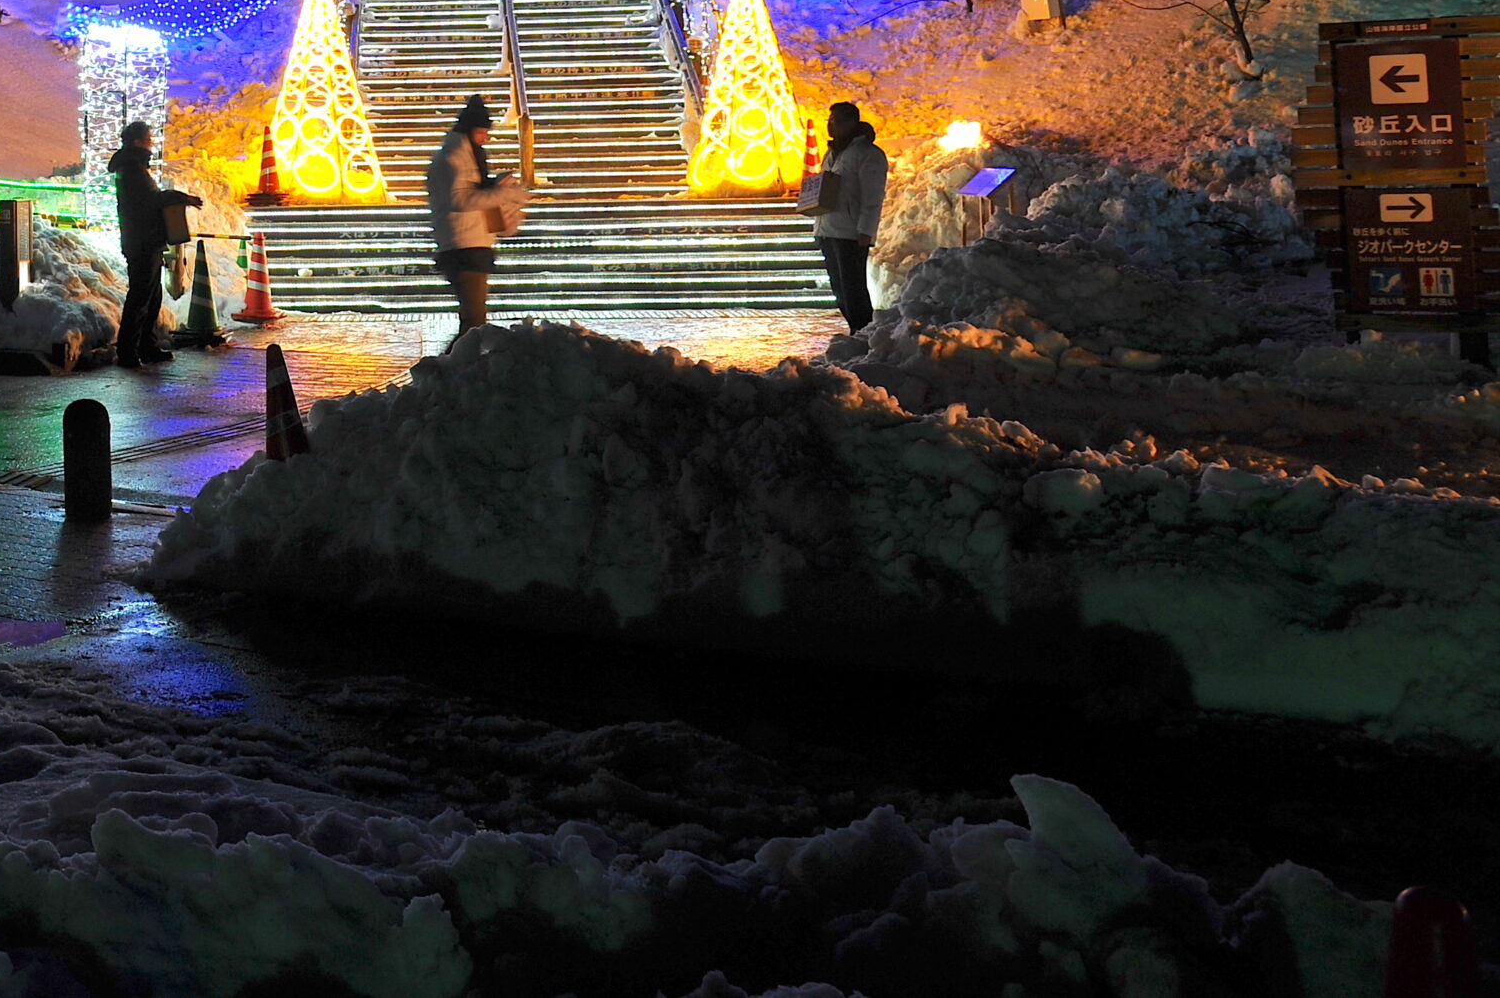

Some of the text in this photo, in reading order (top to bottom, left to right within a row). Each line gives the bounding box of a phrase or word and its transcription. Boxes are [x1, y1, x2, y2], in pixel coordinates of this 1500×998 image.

[1352, 114, 1453, 134] 砂丘入口
[1353, 138, 1454, 147] Sand Dunes Entrance
[1357, 239, 1463, 255] ジオパークセンター
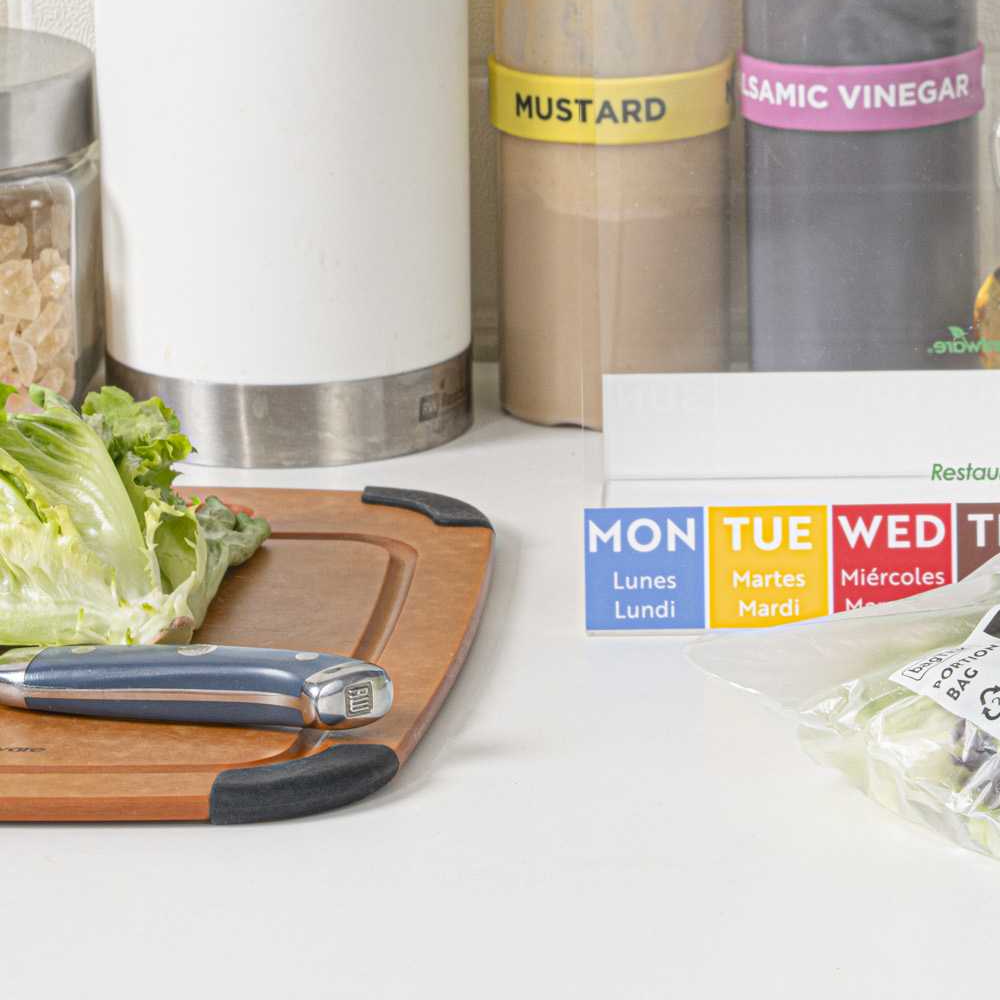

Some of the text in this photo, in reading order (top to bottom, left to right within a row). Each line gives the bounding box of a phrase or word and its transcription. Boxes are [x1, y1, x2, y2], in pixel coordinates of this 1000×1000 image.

[514, 92, 667, 124] MUSTARD
[837, 73, 969, 110] VINEGAR
[588, 517, 696, 553] MON
[722, 515, 813, 551] TUE
[836, 513, 946, 549] WED
[613, 571, 677, 590] Lunes
[732, 569, 806, 588] Martes
[841, 567, 945, 586] Miércoles
[615, 600, 676, 619] Lundi
[738, 599, 800, 617] Mardi
[932, 643, 1000, 689] PORTION
[946, 666, 979, 701] BAG
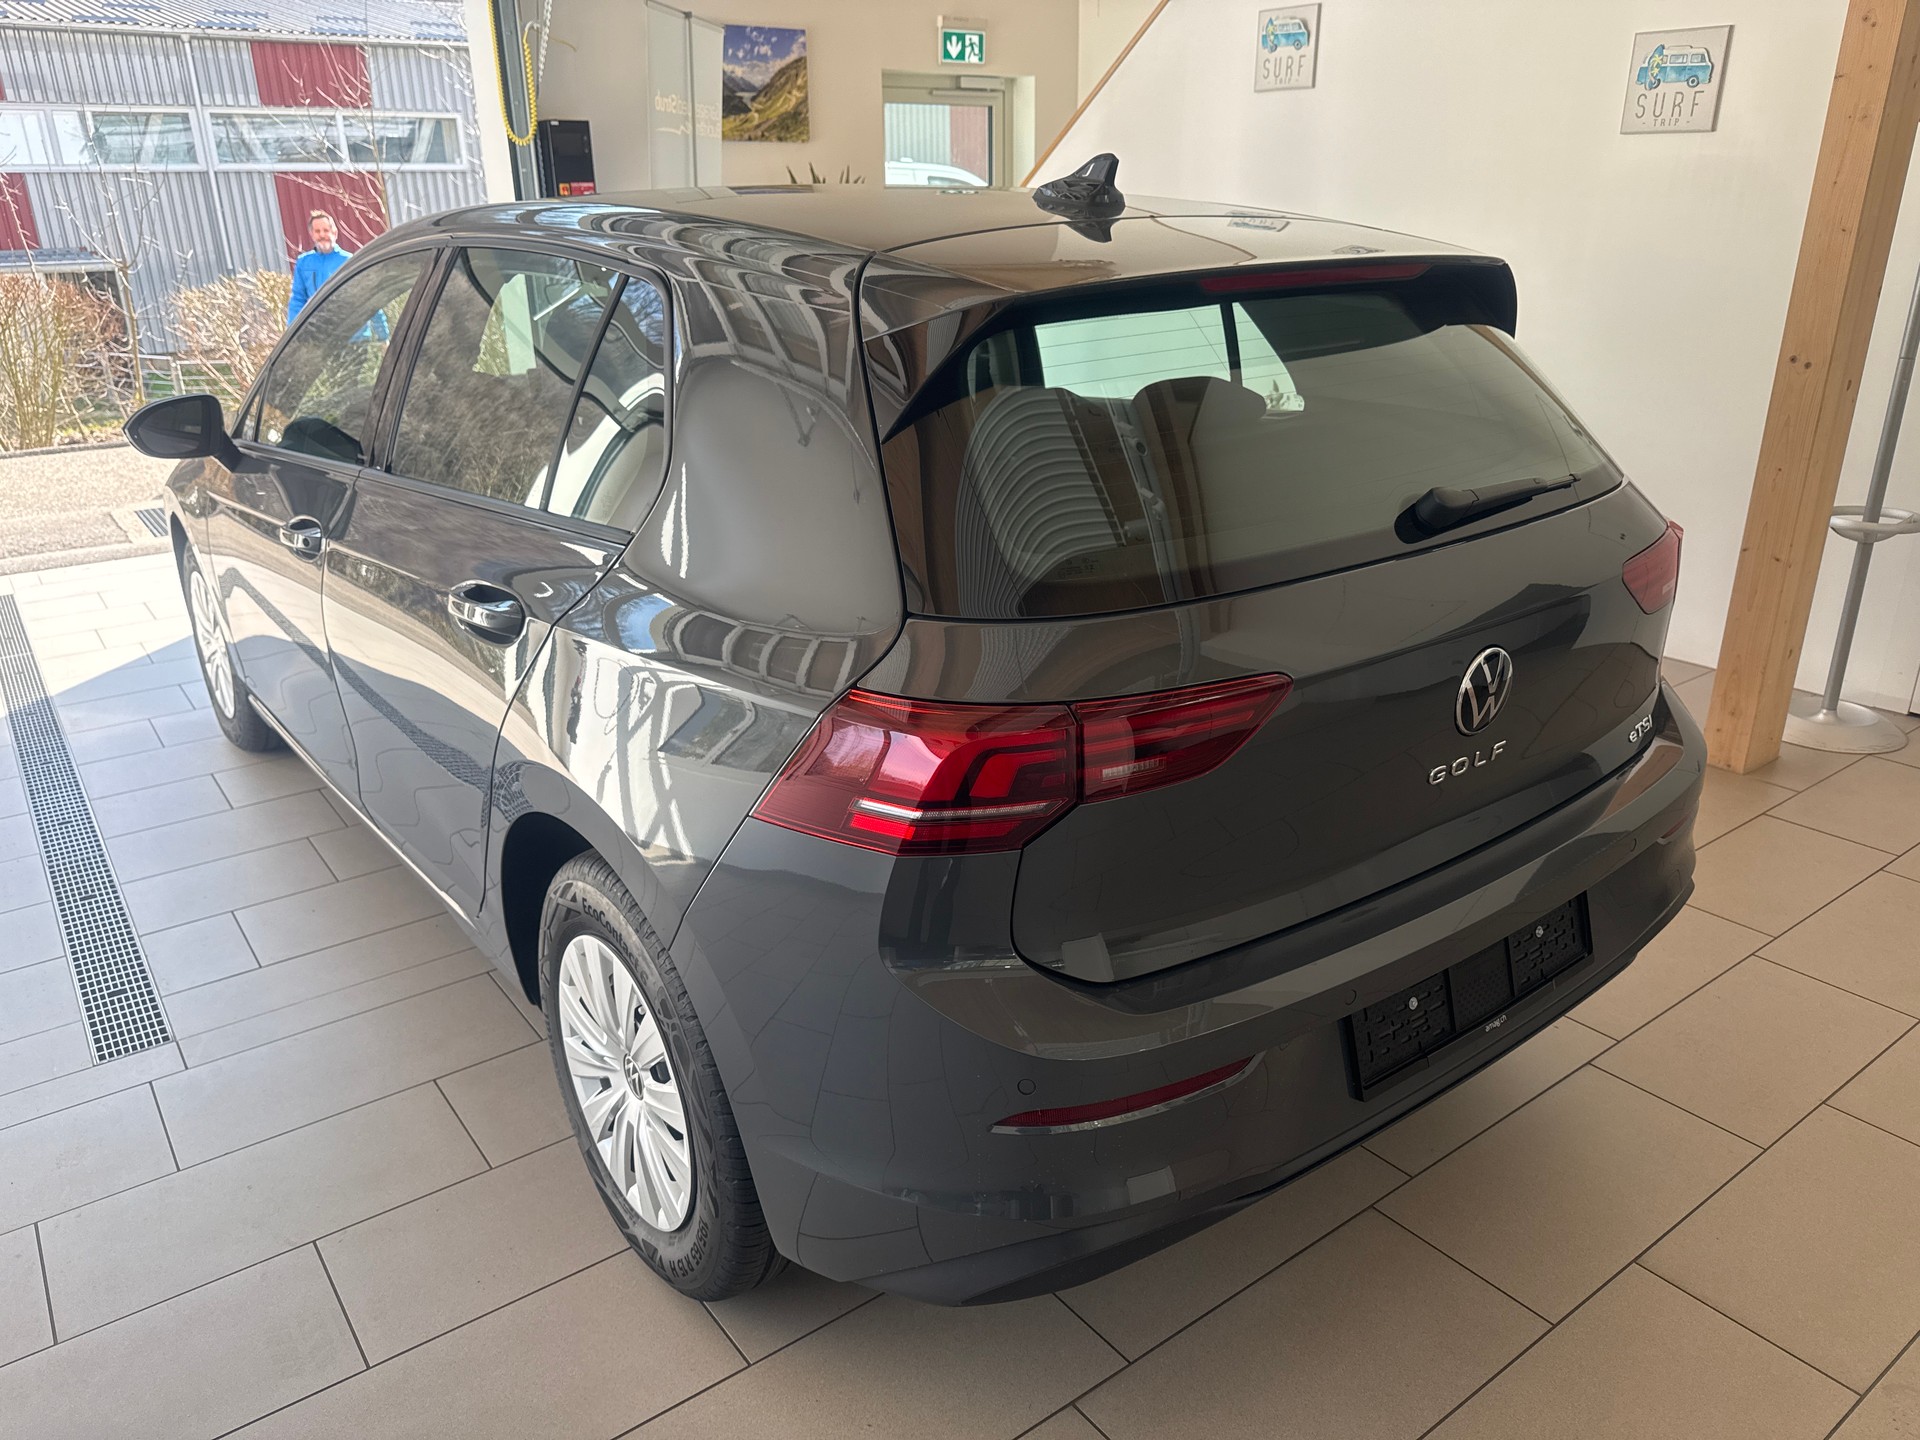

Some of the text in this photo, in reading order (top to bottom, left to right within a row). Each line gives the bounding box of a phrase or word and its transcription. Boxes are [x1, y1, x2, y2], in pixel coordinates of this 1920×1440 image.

[1263, 55, 1306, 80] SURF
[1635, 90, 1705, 119] SURF
[1653, 118, 1680, 127] TRIP
[1428, 740, 1507, 785] GOLF
[582, 897, 639, 973] EcoContact

※

Everything but the pictures is needed: copy the data above exactly.

→ **Answer**
Some of the text in this photo, in reading order (top to bottom, left to right within a row). Each line gives the bounding box of a phrase or word and its transcription. Boxes are [x1, y1, x2, y2], in pixel coordinates of this 1500×998 image.

[1352, 114, 1453, 134] 砂丘入口
[1353, 138, 1454, 147] Sand Dunes Entrance
[1357, 239, 1463, 255] ジオパークセンター

Some of the text in this photo, in reading order (top to bottom, left to right within a row). Each line gives the bounding box of a phrase or word and its transcription. Boxes are [x1, y1, x2, y2], in pixel coordinates of this 1000×1000 image.

[514, 92, 667, 124] MUSTARD
[837, 73, 969, 110] VINEGAR
[588, 517, 696, 553] MON
[722, 515, 813, 551] TUE
[836, 513, 946, 549] WED
[613, 571, 677, 590] Lunes
[732, 569, 806, 588] Martes
[841, 567, 945, 586] Miércoles
[615, 600, 676, 619] Lundi
[738, 599, 800, 617] Mardi
[932, 643, 1000, 689] PORTION
[946, 666, 979, 701] BAG

Some of the text in this photo, in reading order (top to bottom, left to right within a row). Each line gives the bounding box of a phrase or word and its transcription. Boxes are [x1, y1, x2, y2], in pixel coordinates of this 1920×1440 image.

[1263, 55, 1306, 80] SURF
[1635, 90, 1705, 119] SURF
[1653, 118, 1680, 127] TRIP
[1428, 740, 1507, 785] GOLF
[582, 897, 639, 973] EcoContact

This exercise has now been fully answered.